PROBLEM REQUIREMENTS: Every entry below should come back unchanged, except that the pictures are dropped.

RECORDS SHOWN:
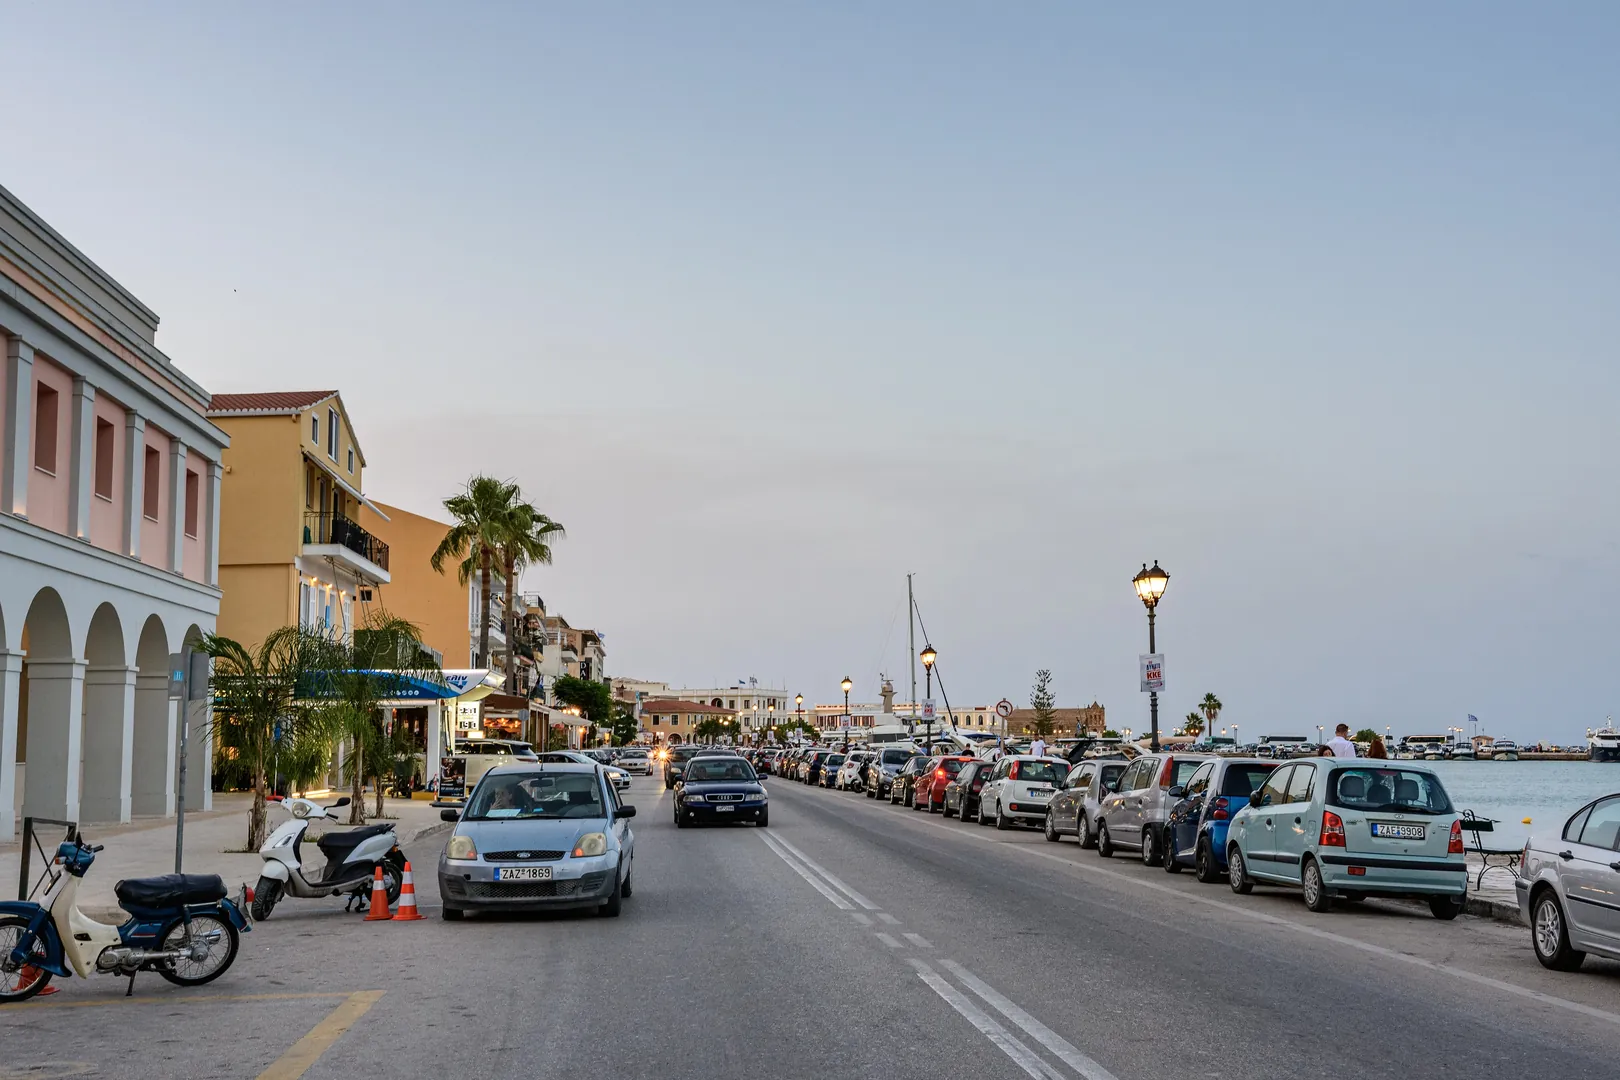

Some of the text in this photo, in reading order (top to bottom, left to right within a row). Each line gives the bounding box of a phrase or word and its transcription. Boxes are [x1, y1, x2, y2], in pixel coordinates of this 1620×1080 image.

[1380, 825, 1423, 837] ZAE 9908
[502, 868, 551, 879] ZAZ 1869
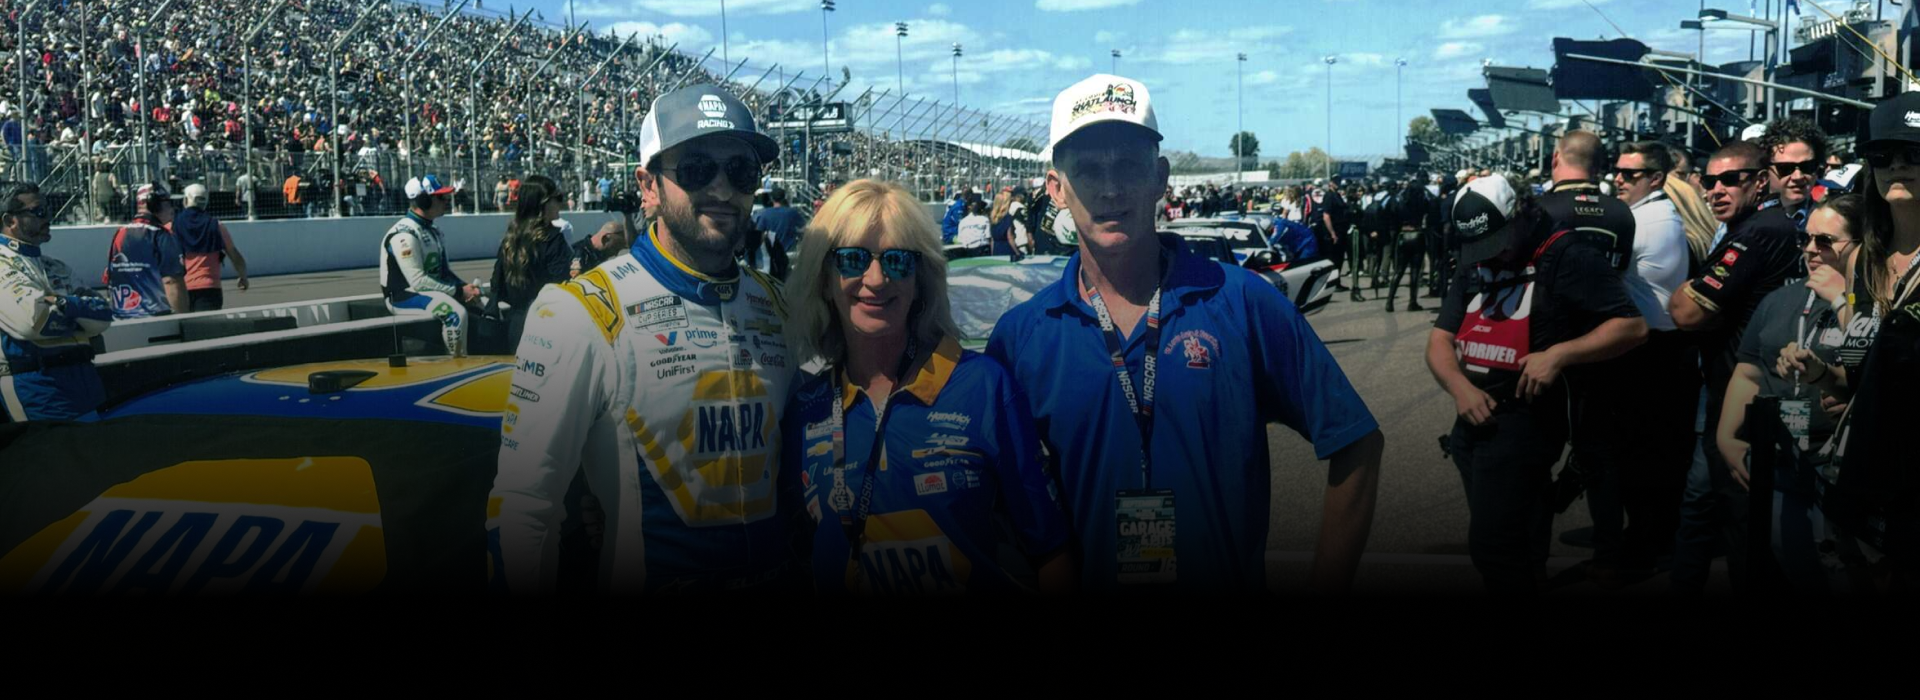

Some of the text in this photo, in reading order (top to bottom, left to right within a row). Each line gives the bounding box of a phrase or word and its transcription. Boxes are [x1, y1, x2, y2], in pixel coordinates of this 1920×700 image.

[702, 101, 725, 112] NAPA
[697, 119, 728, 129] RACING
[1574, 207, 1604, 215] LEGACY
[644, 297, 673, 310] NASCAR
[638, 308, 678, 324] CUP SERIES
[1092, 297, 1114, 331] NASCAR
[685, 328, 718, 341] prime
[650, 354, 697, 367] GOODYEAR
[657, 365, 696, 380] UniFirst
[1142, 354, 1157, 401] NASCAR
[1117, 370, 1139, 414] NASCAR
[698, 402, 766, 453] NAPA
[924, 457, 970, 468] GOODYEAR
[834, 467, 850, 511] NASCAR
[857, 473, 875, 521] NASCAR
[1119, 520, 1172, 537] GARAGE
[38, 508, 341, 599] NAPA
[861, 544, 957, 598] NAPA
[1121, 562, 1150, 573] ROUND
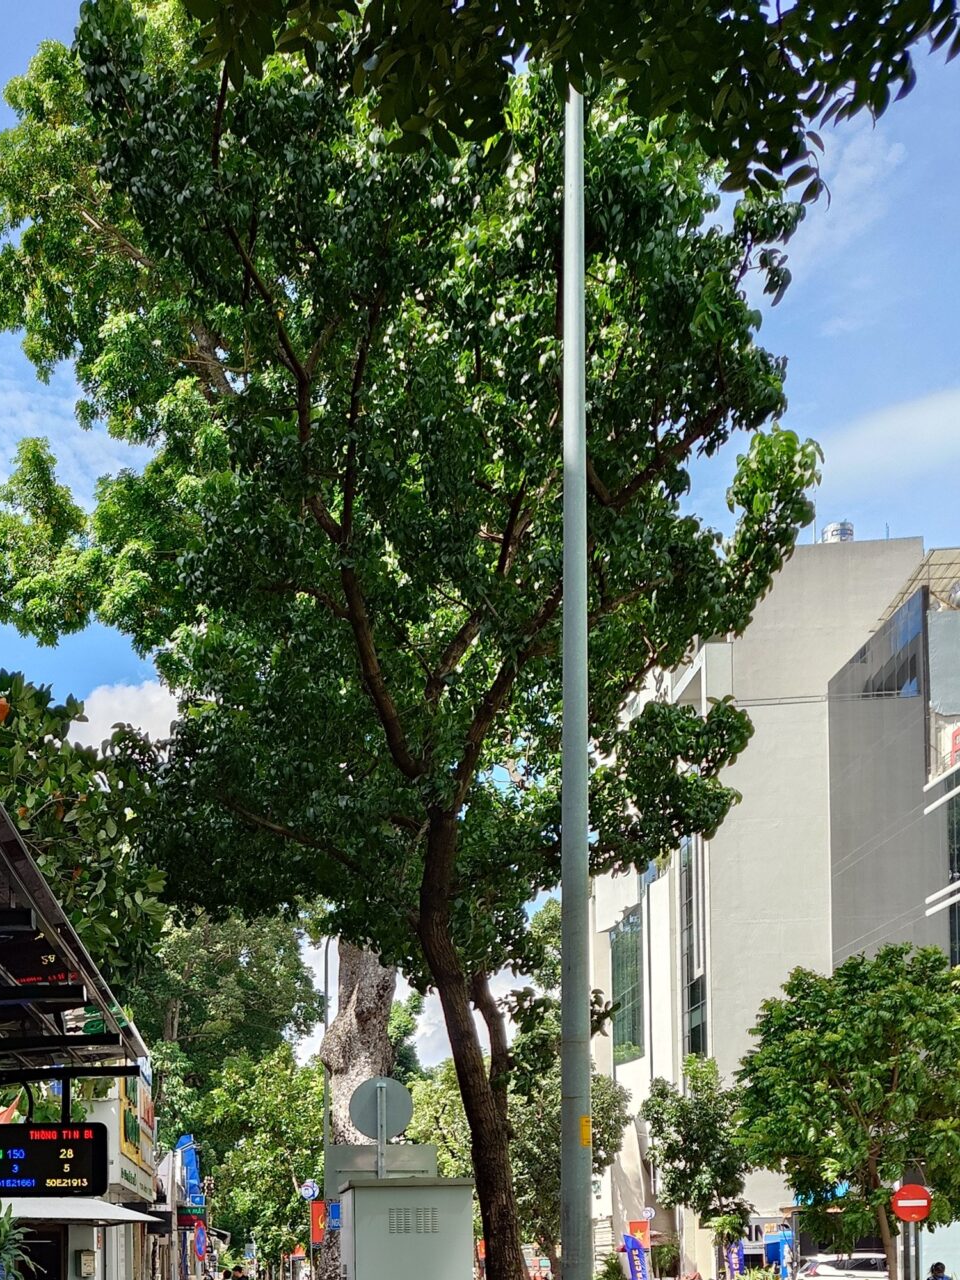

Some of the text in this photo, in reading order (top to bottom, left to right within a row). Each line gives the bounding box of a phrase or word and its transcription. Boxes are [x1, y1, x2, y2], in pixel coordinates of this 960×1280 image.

[29, 1130, 57, 1140] THÔNG
[62, 1130, 80, 1140] TIN
[6, 1149, 25, 1159] 150
[59, 1149, 74, 1159] 28
[12, 1164, 19, 1173] 3
[63, 1164, 70, 1173] 5

WORKED SOLUTION:
Some of the text in this photo, in reading order (top to bottom, left to right within a row). Each line gives the bounding box of a phrase or word and its transcription. Boxes are [x1, y1, x2, y2], in pixel coordinates of this 1620×1080 image.

[1380, 825, 1423, 837] ZAE 9908
[502, 868, 551, 879] ZAZ 1869

Some of the text in this photo, in reading order (top to bottom, left to right within a row). Each line gives the bounding box of a phrase or word and its transcription. Boxes are [x1, y1, x2, y2], in pixel coordinates of this 1920×700 image.

[702, 101, 725, 112] NAPA
[697, 119, 728, 129] RACING
[1574, 207, 1604, 215] LEGACY
[644, 297, 673, 310] NASCAR
[638, 308, 678, 324] CUP SERIES
[1092, 297, 1114, 331] NASCAR
[685, 328, 718, 341] prime
[650, 354, 697, 367] GOODYEAR
[657, 365, 696, 380] UniFirst
[1142, 354, 1157, 401] NASCAR
[1117, 370, 1139, 414] NASCAR
[698, 402, 766, 453] NAPA
[924, 457, 970, 468] GOODYEAR
[834, 467, 850, 511] NASCAR
[857, 473, 875, 521] NASCAR
[1119, 520, 1172, 537] GARAGE
[38, 508, 341, 599] NAPA
[861, 544, 957, 598] NAPA
[1121, 562, 1150, 573] ROUND

Some of the text in this photo, in reading order (top to bottom, left to right within a row). Each line gives the bounding box of a phrase or word and its transcription. Boxes are [x1, y1, x2, y2], in pixel coordinates of this 960×1280 image.

[29, 1130, 57, 1140] THÔNG
[62, 1130, 80, 1140] TIN
[6, 1149, 25, 1159] 150
[59, 1149, 74, 1159] 28
[12, 1164, 19, 1173] 3
[63, 1164, 70, 1173] 5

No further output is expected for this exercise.